Day one was full of introductions to people and formal structures. I also found my division chief had a lot of great ideas that hadn’t been implemented due to timing or sheer workload. Determined to make a mark within my first week—because we all know how impressive that would have been—I moved forward on an idea she had thrown out. I moved quickly, spoke with a staff member directly and asked if she was still interested in a job reassignment. Rookie mistake. In doing so, I had defied the cardinal rule of management: things need to go down the food chain. As a supervisor, I had grown comfortable with approaching staff about things I needed addressed or directions I wanted to go. As a new manager, I had not yet grown comfortable with approaching those I managed, so I reverted back to an area of comfort. I also found it took some time for the supervisors I managed to feel comfortable in telling me how poorly I managed the situation. When they were finally comfortable, they shared that they didn’t feel the staff member was a good fit for the new work assignment but it was far too late. I had exposed my weakness and it was easy for my staff to cast doubts on future decisions.
I also spoke too much about how things were done at my previous agency. In retrospect, the issues staff had with that were purely associated with identity. I was someone from the outside and they didn’t want to be molded into the image of another agency. They had their own identity. When I pushed ideas based on previous success from my last assignment, I lost them almost immediately.
It took some time for me to gain the trust of the supervisors I managed. The whole 30/40/30 of employee engagement divide was more like a 35/35 divide after these early hiccups. There was no middle ground. Either they didn’t trust me or trusted me some. I had to earn their trust and it came by keeping my mouth shut.
Too often, the transition to management or supervision comes with lofty personal goals. Successful managers set them aside, learn when to shut up, when to sleep on it and when to speak up.
When we learn to shut up, we are learning to take in the cultural aspects of the agency we are in. Even when we are promoted within the same agency or department, the culture of supervision is far different from that of being a line staff and the culture of management is vastly different from that of supervision. If we cannot grasp a feel for the department, where it has been, what it has tried and the direction it is going, we try any tact that will give us short-lived successes. Unfortunately, what we are often doing is causing damage to our credibility.
When we learn to sleep on it, we ensure rash decisions do not wreak havoc on our department. All too often, decisions that impact a lot of staff or program constituents are made based on a reflex or quick call. Barring an immediate issue, any decisions that change how the department or agency does business deserve to be thought out. A decision that has been flushed out well will also prove to your staff that you take their concerns to heart and their input matters.

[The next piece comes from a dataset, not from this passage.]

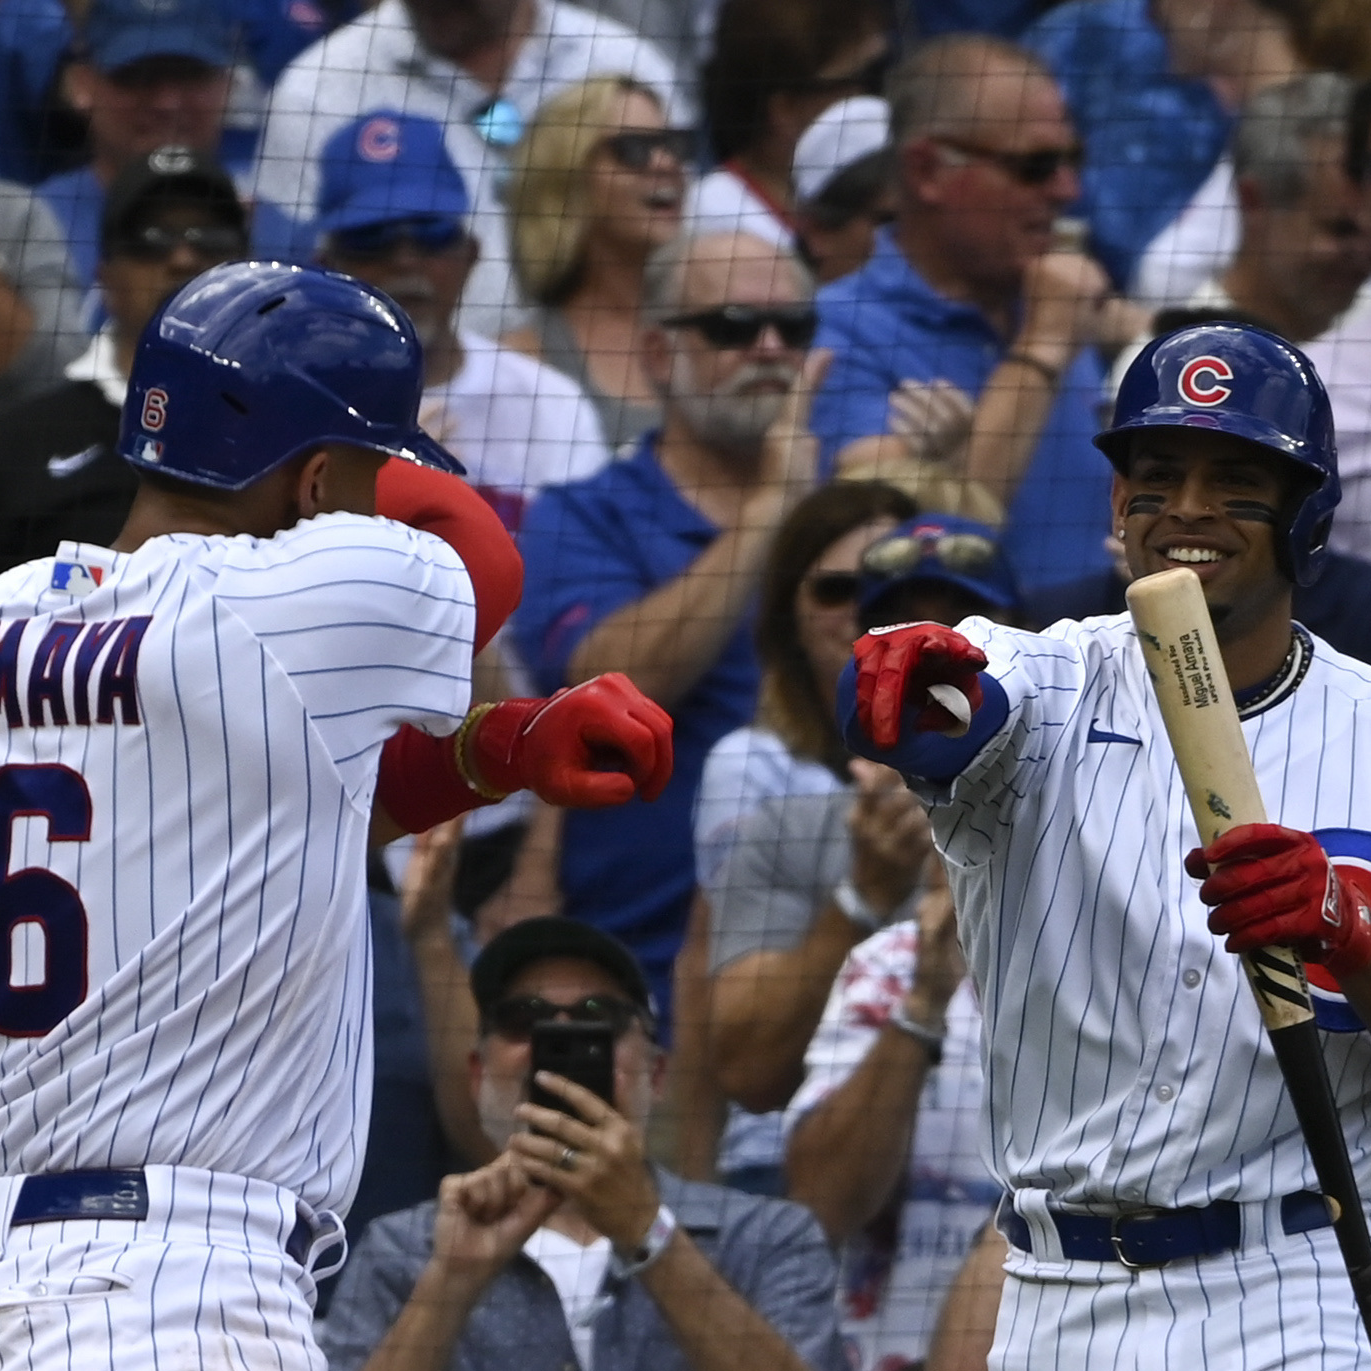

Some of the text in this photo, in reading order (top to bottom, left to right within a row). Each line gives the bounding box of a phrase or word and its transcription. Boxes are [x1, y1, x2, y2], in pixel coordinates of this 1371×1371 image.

Finally, learning when to speak up has everything to do with ensuring you have already shut up and slept on it. I cannot reiterate enough how damaging rash decisions are on staff moral—especially when the mistakes are admitted and policy reverts back. We owe it to our staff, our peers and our constituents to think clearly about how we organize departments to ensure they are efficient and effective at delivering public service. Mistakes that were made by rushing decisions are neither effective nor efficient.
The transition to management or supervision is not easy, but it can be made easier when we take away the need for early successes. Being consumed with the idea that your career is marked with early successes can easily lead to some of your biggest failures. Doing so makes us rely too much on the areas with which we are comfortable and prevents us from building new foundations.
We too easily forget the simplest thing we learned as children: when to shut up. Whether it be ego or pride, we then forget what we learned early in our career: when to sleep on it and when to speak up. Rediscovering these aspects of our personalities are key to ensuring a successful future and maybe ensuring the success of the communities we serve.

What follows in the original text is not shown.